RESPOSTA: Burguesia.
Quando o trem parte de Southend, olho pela janela e vejo as ruas molhadas e desertas; o punhado de lojas abertas numa tentativa pouco entusiasmada de é pegar ou largar. Os quatro dias entre o Natal e o Ano-novo são, com certeza, os mais longos e desagradáveis do ano, uma espécie de domingo arrastado. Mas os feriados bancários são piores ainda. Acho que vou morrer mais ou menos às 14h30 de um feriado bancário. Morto por tédio terminal.
Troco de roupa em Shenfield, onde o almoço é uma lata de energético Lucozade, um pacote de salgadinhos Hula Hoops e um chocolate Twix comprados num quiosque. E aí só tenho tempo de ver como está o meu rosto no espelho do banheiro da estação antes de voltar ao trem.
Ao sair do subúrbio e entrar em Suffolk, a chuva se transforma em neve, a qual raramente chega a Southend. A combinação das luzes da rua, o ar do estuário e a massa de calor tendem a transformar a neve numa espécie de caspa fria e úmida, mas ali, naquela paisagem ao pôr do sol, parece densa e limpa. Leio a primeira página de Os Cantos, de Ezra Pound, cinco vezes sem entender uma palavra; então, desisto e volto a observar a paisagem. Emocionante. Dez minutos antes de chegar à estação, pego meu sobretudo e o cachecol e dou uma olhada no meu reflexo na janela do trem. Gola para cima ou para baixo? Estou tentando um visual tipo O terceiro homem do Graham Greene, mas só pareço mesmo alguém saído de um clipe do Ultravox.
Cinco minutos antes da chegada, ensaio o que vou dizer ao reencontrar Alice.

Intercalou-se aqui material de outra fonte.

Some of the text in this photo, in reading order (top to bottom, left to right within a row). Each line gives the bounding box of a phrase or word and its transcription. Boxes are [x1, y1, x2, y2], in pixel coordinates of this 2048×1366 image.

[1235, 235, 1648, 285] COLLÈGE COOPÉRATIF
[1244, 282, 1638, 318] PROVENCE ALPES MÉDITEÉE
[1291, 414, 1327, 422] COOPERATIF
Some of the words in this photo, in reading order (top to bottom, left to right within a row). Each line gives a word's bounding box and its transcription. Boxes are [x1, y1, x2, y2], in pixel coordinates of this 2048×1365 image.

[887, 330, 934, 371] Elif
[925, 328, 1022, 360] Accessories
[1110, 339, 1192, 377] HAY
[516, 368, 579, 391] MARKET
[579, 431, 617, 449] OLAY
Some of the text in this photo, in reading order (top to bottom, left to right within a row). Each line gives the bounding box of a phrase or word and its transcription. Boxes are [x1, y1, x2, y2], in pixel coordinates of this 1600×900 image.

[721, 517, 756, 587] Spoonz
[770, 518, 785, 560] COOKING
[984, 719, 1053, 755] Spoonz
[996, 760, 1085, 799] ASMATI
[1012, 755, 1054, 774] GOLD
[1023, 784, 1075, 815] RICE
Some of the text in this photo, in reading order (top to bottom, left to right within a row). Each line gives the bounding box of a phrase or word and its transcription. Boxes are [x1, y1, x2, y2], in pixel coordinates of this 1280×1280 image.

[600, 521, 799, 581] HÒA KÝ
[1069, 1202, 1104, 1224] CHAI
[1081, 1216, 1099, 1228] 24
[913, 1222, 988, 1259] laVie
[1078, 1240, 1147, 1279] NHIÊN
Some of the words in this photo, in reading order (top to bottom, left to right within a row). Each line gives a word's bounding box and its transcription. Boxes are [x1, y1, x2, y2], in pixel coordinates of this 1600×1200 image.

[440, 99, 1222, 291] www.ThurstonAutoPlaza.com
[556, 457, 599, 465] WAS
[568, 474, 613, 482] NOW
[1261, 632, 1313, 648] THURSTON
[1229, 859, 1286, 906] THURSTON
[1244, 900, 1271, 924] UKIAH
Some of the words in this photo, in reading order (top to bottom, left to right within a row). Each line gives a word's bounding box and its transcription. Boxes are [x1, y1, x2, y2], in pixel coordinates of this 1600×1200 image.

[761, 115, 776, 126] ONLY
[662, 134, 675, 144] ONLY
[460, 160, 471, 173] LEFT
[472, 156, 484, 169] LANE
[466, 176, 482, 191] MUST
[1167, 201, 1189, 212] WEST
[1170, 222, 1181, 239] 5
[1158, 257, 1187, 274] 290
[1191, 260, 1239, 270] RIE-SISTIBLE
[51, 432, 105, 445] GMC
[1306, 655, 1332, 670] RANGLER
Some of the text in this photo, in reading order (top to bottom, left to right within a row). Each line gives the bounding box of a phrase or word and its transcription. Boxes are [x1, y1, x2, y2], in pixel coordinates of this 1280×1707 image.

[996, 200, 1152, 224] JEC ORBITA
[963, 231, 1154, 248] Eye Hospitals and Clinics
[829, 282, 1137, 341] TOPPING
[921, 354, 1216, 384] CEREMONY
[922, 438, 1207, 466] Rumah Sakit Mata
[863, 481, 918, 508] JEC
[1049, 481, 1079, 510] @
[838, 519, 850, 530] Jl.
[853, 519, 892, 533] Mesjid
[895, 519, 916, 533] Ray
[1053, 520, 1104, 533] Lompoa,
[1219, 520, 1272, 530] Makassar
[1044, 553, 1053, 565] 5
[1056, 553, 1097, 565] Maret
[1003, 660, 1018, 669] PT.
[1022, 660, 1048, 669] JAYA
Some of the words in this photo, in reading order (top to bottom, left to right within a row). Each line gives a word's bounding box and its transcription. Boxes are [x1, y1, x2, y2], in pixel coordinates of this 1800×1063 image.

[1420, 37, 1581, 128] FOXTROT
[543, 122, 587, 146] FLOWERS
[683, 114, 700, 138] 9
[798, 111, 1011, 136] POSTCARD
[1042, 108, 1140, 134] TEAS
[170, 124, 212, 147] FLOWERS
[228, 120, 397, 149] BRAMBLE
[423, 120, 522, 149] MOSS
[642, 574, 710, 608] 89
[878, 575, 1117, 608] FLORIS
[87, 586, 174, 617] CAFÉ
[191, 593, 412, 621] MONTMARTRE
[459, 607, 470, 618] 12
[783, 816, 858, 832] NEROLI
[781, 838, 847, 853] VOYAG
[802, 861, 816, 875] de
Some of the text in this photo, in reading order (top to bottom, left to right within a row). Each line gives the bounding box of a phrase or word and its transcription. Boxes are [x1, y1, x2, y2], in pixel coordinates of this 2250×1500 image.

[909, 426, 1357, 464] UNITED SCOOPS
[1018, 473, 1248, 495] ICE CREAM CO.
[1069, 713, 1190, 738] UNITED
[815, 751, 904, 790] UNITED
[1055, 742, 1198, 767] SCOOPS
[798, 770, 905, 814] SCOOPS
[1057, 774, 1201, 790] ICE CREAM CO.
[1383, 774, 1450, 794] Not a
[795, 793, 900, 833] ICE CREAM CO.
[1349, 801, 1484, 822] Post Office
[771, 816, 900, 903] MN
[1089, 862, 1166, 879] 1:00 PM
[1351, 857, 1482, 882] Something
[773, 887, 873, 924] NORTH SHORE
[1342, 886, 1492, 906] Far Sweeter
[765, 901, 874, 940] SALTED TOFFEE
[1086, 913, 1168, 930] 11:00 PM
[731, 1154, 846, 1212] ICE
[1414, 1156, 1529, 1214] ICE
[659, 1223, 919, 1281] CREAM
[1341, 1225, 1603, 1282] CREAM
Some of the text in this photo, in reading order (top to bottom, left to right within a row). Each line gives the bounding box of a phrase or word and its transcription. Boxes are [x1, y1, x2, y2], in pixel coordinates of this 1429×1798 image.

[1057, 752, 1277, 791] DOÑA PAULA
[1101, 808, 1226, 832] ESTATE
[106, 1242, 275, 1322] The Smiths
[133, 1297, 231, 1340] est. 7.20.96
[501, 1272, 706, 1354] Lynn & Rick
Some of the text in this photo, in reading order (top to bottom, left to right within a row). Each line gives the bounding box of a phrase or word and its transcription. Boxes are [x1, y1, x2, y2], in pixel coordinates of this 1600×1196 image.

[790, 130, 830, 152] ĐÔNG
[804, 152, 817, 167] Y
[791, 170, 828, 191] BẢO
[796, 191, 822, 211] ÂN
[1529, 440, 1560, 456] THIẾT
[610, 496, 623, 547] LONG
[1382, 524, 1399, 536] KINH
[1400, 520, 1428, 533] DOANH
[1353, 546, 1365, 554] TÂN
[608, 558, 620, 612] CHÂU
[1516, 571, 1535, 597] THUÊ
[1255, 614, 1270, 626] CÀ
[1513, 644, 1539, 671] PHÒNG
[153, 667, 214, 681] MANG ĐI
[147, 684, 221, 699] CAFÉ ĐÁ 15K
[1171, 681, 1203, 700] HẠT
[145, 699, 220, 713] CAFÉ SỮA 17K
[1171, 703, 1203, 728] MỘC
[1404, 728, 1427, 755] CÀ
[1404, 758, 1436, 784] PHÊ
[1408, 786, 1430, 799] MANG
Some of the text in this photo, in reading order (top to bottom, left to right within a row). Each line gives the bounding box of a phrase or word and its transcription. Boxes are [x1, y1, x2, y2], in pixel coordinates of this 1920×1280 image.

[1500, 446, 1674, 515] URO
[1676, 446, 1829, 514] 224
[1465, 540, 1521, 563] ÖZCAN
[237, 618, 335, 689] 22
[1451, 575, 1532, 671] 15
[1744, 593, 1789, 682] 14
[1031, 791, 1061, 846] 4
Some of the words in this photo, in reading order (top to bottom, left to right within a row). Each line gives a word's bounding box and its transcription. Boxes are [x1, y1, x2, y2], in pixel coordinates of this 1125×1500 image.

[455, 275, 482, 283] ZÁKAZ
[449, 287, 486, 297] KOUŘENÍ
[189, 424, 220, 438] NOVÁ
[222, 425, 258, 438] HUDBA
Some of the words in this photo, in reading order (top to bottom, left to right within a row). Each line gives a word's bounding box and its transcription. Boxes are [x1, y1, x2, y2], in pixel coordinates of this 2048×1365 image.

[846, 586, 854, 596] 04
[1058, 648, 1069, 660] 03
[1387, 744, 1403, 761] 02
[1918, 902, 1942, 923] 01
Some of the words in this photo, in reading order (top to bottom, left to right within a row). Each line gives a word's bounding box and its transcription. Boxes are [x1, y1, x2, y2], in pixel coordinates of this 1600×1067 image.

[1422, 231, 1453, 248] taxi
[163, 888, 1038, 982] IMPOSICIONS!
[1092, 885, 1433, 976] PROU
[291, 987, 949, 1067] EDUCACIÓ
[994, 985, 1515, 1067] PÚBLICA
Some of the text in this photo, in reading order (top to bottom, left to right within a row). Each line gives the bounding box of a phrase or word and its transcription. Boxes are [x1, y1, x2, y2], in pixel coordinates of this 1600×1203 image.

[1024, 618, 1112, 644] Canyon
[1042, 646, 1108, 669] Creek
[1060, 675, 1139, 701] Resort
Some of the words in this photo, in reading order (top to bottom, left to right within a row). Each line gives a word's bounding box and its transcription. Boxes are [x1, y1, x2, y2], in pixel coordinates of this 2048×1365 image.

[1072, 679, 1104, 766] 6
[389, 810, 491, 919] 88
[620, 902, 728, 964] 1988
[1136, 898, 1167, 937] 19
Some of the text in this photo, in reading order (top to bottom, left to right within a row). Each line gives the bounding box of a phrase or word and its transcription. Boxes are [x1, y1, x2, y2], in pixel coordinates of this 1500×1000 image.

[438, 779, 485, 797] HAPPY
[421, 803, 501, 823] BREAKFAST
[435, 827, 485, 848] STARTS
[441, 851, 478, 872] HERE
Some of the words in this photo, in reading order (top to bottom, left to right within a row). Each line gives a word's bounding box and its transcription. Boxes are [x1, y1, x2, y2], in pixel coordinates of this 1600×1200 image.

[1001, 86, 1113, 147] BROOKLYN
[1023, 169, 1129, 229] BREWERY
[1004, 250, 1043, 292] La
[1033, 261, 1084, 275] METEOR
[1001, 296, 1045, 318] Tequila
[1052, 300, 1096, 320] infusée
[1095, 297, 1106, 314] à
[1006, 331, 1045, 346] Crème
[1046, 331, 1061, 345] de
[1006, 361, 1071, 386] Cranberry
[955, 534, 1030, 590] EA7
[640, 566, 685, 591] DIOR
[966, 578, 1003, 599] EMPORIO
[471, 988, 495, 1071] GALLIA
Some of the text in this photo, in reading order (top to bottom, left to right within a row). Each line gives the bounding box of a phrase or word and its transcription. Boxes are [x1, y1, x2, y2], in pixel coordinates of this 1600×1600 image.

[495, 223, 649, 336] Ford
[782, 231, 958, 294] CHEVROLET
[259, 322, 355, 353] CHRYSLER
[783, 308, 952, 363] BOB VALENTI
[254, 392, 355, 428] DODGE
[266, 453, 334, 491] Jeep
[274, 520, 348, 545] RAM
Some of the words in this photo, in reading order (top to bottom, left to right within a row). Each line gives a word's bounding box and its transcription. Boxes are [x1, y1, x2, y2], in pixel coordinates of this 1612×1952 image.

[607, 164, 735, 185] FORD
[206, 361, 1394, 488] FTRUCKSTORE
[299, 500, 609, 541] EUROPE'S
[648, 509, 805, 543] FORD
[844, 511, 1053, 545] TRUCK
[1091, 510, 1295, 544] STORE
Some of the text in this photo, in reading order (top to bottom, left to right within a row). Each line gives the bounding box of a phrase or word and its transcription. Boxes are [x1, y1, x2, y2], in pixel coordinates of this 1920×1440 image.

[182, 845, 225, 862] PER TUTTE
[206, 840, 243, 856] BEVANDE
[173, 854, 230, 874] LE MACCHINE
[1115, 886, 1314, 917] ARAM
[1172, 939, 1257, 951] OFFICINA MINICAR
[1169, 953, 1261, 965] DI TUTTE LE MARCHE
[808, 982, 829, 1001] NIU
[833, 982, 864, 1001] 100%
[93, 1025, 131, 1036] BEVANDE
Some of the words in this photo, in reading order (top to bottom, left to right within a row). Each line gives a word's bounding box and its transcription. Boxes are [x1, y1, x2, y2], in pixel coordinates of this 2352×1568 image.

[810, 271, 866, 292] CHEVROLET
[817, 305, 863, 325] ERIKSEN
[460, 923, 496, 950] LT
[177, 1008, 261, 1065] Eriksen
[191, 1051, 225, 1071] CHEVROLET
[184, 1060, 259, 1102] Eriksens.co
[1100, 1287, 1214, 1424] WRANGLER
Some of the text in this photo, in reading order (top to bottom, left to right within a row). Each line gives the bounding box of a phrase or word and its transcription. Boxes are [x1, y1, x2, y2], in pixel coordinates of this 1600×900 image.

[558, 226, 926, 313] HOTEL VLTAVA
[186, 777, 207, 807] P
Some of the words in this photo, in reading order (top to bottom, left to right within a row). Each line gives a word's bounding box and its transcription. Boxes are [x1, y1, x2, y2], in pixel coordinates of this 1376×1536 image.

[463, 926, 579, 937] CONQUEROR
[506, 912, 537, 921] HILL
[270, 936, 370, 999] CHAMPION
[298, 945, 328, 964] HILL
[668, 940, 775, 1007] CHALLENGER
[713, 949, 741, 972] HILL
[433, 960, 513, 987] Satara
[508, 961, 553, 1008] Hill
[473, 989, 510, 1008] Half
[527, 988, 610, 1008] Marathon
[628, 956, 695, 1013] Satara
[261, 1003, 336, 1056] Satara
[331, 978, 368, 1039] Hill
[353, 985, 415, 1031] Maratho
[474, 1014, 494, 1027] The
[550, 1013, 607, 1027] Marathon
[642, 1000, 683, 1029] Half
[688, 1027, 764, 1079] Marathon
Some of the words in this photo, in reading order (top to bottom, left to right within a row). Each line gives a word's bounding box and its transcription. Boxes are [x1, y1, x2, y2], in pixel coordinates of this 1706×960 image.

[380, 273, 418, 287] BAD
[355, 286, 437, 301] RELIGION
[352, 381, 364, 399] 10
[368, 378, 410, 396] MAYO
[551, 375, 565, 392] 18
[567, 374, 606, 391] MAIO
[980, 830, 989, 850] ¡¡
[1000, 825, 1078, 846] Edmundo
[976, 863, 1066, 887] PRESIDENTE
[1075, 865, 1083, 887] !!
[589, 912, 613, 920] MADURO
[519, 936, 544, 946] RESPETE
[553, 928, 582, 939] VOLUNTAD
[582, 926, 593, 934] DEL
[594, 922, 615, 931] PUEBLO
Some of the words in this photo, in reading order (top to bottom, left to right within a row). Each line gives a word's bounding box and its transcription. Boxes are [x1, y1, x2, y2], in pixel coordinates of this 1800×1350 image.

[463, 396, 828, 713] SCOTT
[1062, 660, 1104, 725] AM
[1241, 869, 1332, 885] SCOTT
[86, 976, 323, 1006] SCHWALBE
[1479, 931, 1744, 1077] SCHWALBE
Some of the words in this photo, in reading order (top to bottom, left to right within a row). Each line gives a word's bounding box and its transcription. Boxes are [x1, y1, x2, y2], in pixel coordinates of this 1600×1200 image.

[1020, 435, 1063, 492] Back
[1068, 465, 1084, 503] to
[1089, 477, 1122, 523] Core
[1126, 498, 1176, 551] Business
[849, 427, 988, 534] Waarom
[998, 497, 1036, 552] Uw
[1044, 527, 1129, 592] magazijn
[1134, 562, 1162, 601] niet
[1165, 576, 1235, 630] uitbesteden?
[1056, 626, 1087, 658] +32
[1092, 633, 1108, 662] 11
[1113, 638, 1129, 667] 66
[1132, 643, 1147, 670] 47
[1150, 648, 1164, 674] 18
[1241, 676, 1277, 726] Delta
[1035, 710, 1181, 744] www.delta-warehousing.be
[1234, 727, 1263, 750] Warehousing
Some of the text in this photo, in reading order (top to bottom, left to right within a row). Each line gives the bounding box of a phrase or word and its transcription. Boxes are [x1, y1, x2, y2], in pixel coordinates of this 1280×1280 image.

Não me sinto tão nervoso desde meu papel de Jesus em Godspell, quando tive de tirar a camisa para ser crucificado. Não consigo nem sorrir direito. Sai um sorriso torto de boca fechada que dá a impressão de que sofri um derrame, mas, ao abrir a boca, meus dentes são uma mistura de bege e preto, como um saco de peças de palavras cruzadas. Uma vida inteira de legumes e frutas frescas fez com que os dentes de Alice Harbinson sejam perfeitos. Imagino o dentista examinando sua boca e chorando diante daquele brilho, daquela pureza, daquela brancura esplendorosa.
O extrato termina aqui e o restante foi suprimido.